On May 8th, 1985, Atwood was sentenced to death after a 4-month-trial. Atwood, now 66-years-old is scheduled to be executed with an injection of pentobarbital via lethal injection on June 8, 2022, for the killing of 8-year-old Vicki Hoskinson 37-years-ago. Atwood was asked by prison officials if he would prefer to be executed via lethal injection or the gas chamber to which Atwood declined to answer. Authorities said that the last lethal gas execution within the United States was in 1999 in the State of Arizona. In late 2020, the gas chamber was reinstated after nearly 20 years. The State of Arizona had purchased materials to produce hydrogen cyanide gas, the same chemical used in prior United States executions, and during the period the Nazis were executing some 865,000 Jews at the Auschwitz Concentration camps.

Experts in the field of the Death Penalty have said that the United States did away with the gas chamber due to the nature in which it would kill the inmates. They said that the deaths were slow, prisoners were gasping for air, thrashed their bodies that have been restrained against objects hurting themselves, and appeared to be in excruciating pain. Arizona, Missouri, Wyoming, and California are the only states in the United States that still allow the use of the Gas chambers, however, Arizona is the only one with a “working” gas chamber. A Fordham Law School Professor, Deborah Denno, who studied executions for more than two decades said “a substantial amount of condemned people don’t make a selection when asked how they want to be put to death. No one knows the reasons (why), but one factor is they are depressed and have given up. This is the least of their worries. They are going to die”.
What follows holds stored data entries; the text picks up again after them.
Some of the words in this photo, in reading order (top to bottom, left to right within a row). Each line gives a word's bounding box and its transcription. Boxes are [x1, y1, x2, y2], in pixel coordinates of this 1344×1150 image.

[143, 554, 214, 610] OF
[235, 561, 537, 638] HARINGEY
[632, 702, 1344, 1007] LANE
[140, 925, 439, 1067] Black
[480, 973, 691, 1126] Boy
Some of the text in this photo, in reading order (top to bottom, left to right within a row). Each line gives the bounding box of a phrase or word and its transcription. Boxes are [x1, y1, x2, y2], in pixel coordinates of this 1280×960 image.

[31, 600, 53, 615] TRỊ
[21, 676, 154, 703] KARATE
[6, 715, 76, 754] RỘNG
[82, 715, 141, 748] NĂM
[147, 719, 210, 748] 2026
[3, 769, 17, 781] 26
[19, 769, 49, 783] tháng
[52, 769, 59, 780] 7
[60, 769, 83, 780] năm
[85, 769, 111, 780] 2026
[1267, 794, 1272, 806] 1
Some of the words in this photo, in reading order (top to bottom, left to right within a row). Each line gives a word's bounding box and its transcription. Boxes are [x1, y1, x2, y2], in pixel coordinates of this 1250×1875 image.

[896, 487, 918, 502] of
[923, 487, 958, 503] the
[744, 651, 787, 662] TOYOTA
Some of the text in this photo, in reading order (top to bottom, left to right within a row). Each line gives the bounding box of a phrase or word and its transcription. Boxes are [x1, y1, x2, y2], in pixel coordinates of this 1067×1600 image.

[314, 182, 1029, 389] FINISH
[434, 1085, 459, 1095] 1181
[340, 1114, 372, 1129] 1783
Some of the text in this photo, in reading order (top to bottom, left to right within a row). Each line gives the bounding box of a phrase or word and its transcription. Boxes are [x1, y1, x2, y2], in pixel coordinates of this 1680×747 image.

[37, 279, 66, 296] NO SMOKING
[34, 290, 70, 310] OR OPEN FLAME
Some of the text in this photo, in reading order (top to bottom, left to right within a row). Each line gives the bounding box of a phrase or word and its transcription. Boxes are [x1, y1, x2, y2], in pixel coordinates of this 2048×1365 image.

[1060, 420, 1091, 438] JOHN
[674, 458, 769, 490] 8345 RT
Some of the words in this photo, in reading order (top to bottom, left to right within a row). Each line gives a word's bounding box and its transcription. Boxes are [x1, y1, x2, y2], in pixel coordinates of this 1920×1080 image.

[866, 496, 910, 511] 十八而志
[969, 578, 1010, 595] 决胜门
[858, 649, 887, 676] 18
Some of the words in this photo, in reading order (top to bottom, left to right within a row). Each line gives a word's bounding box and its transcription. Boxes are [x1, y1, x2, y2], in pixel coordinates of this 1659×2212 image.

The State of Arizona’s 8-year hiatus in executions ended on May 11, 2022, when they executed 66-year-old Clarence Dixon via lethal injection for the killing of a 21-year-old college student in 1978. Dixon who was already serving a life sentence for a sexual assault conviction was found guilty of the 1979 murder in 2008 and formally sentenced to death. Dixon declined to choose a method of execution as well. The State's 8-year hiatus was due to problems securing the drugs needed to execute the lethal injection as manufacturers refused to supply the drugs after problems arose during the 2014 execution of death row inmate, Joseph Wood. Wood was convicted of two murders in 1989 following the shooting deaths of his ex-girlfriend and her father. Wood was addicted to methamphetamines at the time and was sentenced to death. At the time of Wood’s execution, he was given 15 doses of a two-drug cocktail over two hours. Authorities said that over the two hours, Wood snorted and gasped for air before he finally died. They labeled the execution as botched. Oklahoma, Mississippi, and Alabama have recently passed laws allowing the use of nitrogen gas in some circumstances for an execution method, however, to this date it has never been used.

The last prisoner to be executed in the United States via the gas chamber was Walter LaGrand, one of two German brothers who were sentenced to death for the killing of a bank manager in 1982 in the southern part of Arizona. Authorities say it took LaGrand approximately 18-minutes to die, this was in 1999. Authorities said that the LaGrand brothers chose the Gas Chamber for their method of execution in hopes that the court would find it unconstitutional. Karl LaGrand accepted the last-minute offer of dying by lethal injection instead of the gas chamber, but his dear brother Walter did not, saying “he would prefer a more painful execution to protest the death penalty”.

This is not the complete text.